Seems Sam Ruby's presentation suffered a bit in the spectacle. Unfortunately, I'm no stranger to presentation set-up problems. I've also been lucky enough to have patient audiences. Maybe conference organizers will someday factor Linux A/V support into consideration when choosing venues (I can dream, eh?). I almost always can use projectors and stuff with no problem in usual business scenarios, and I can only guess that conference venues tend to have archaic A/V technology that doesn't like Linux.
As for the presentation itself, based on the slides much of it is an accumulation of issues probably well known to, say, a long-time XML-DEV reader, but useful to collect in one place. It looks like a much-needed presentation, and I hope Sam gets to present it again, with better luck with the facilities. Here follow a few reactions I had to stuff in the slides.
expat only understands utf-8
This hasn't been true for ages. Expat currently understands UTF-8, UTF-16, ASCII, ISO-8859-1, out of the box, and the user can add to this list by registering an "unknown encoding" event handler.
Encoding was routinely ignored by most of the initial RSS parsers and even the initial UserLand RSS validator. “Aggregators” did the equivalent of strcat from various sources and left the results for the browser
Yuck. Unfortunately, I worry that Mark Pilgrim's Universal Feed Parser might not help the situation with its current practice of returning some character data as strings without even guessed encoding information (that I could find, anyway). I found it very hard to build a character-correct aggregator around the Feed Parser 4.0 alpha version. Then again, I understand it's a hard problem with all the character soup ("char soup"?) Web feeds out there.
[Buried] in a non-normative appendix, there is an indication that the encoding specified in an XML document may not be authoritative.
Nope. There is no burial going on. As I thought I've pointed out on Copia before (but I can't find the entry now), section " 4.3.3 Character Encoding in Entities" of XML 1.0 says:
In the absence of information provided by an external transport protocol (e.g. HTTP or MIME), it is a fatal error for an entity including an encoding declaration to be presented to the XML processor in an encoding other than that named in the declaration, or for an entity which begins with neither a Byte Order Mark nor an encoding declaration to use an encoding other than UTF-8. Note that since ASCII is a subset of UTF-8, ordinary ASCII entities do not strictly need an encoding declaration.
So the normative part of the spec also makes it quite clear that an externally specified encoding can trump what's in the XML or text declaration.
The accuracy of metadata is inversely proportional to the square of the distance between the data and the metadata.
Very apt. I think that's why XML's attributes work as well as they do (despite the fact that they are so inexplicably maligned in some quarters).

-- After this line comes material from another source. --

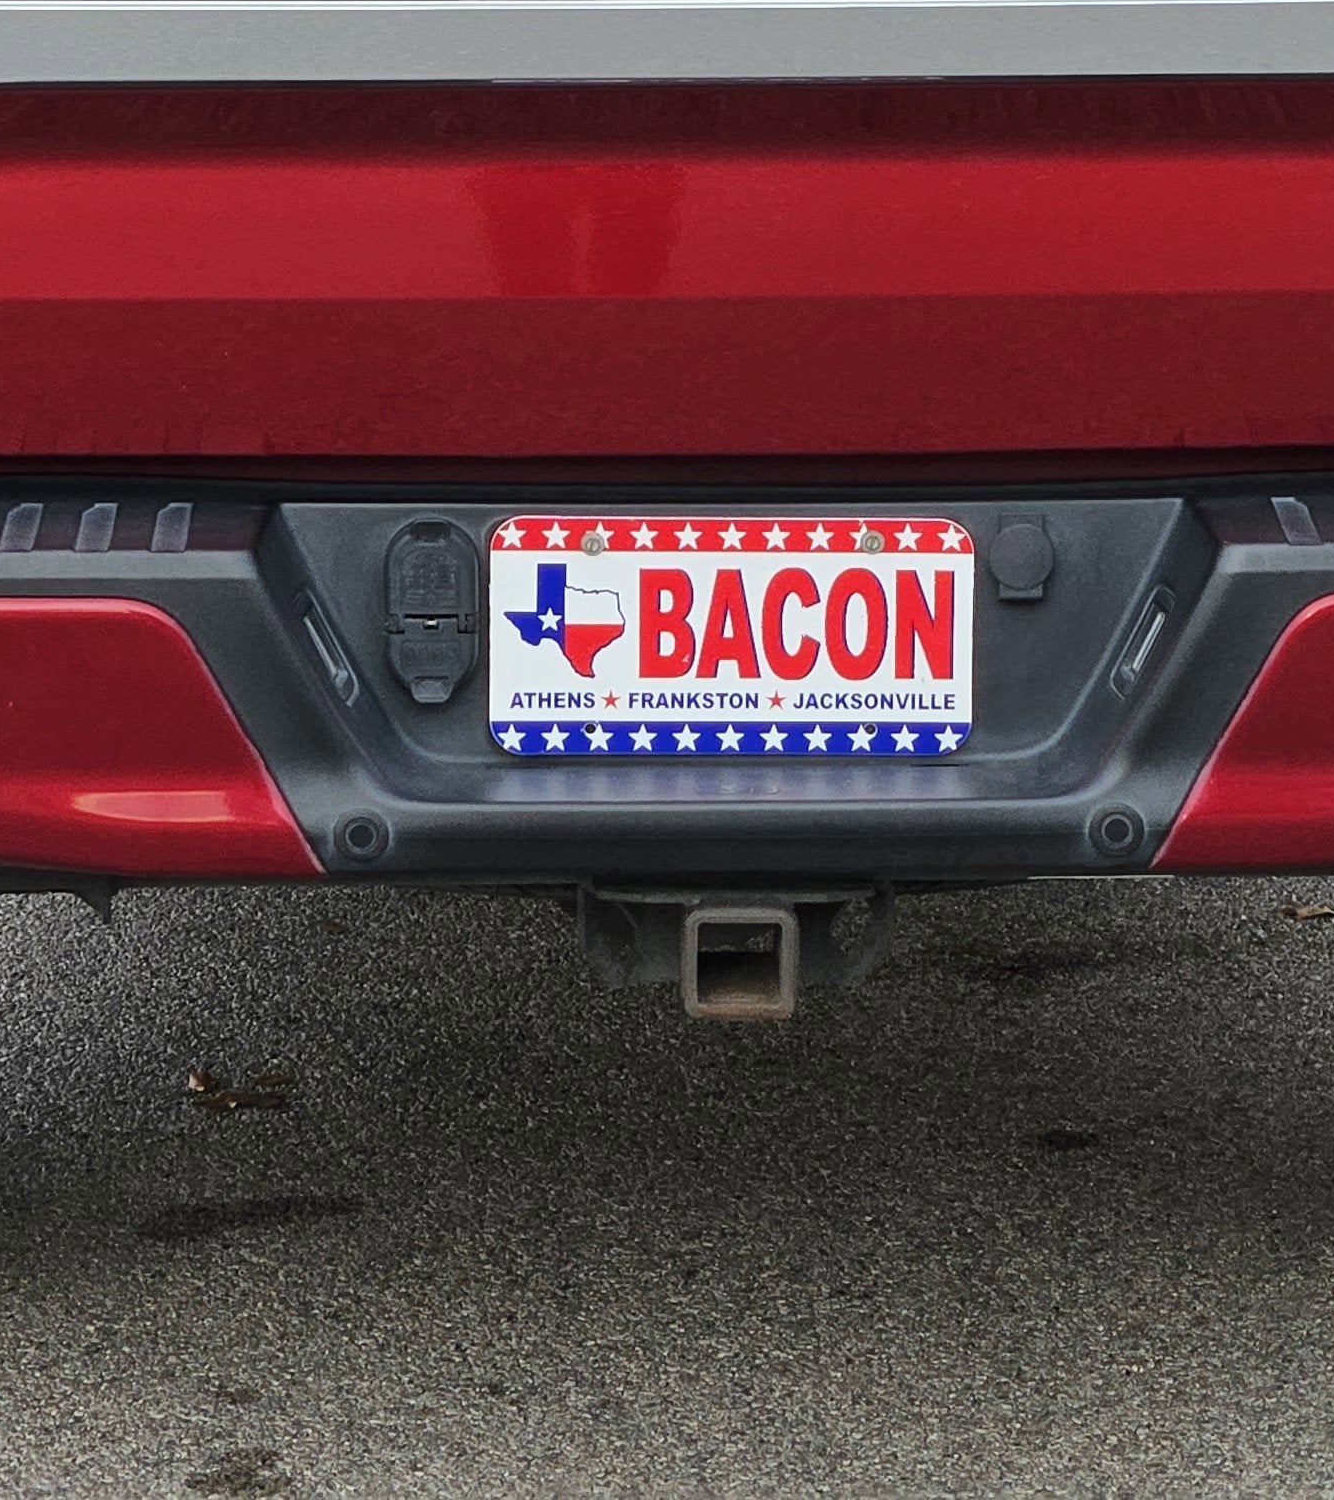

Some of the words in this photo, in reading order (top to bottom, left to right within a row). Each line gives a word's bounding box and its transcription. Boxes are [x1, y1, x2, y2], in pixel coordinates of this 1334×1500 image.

In fact, Microsoft’s new policy is that they will always completely ignore [HTTP Content-Type] for feeds—even when the charset is explicitly present
XML of course doesn't force anyone to conform to RFC 3023, but Microsoft could prove itself a really good Web citizen by adopting it. Maybe they could lead the way to reducing the confusion I mention in this entry.
I think of Ruby's section on the WS-* mess to be an excellent indictment of the silly idea of universal and strong data typing.
In general, programming XML is hard.
Indeed it is. Some people seem to think this is a product of architecture astronautics. They are laughably mistaken. XML is hard because managing data is hard. Programmers have developed terrible habits through long years of just throwing their data over the wall at a SQL DBMS and hoping all goes OK in the end. The Web is ruthless in punishing such diffidence.
XML is the first technology that has forced mainstream programmers to truly have to think hard about data. This is a boundlessly good thing. Let the annoyances proliferate (that's your cue, Micah).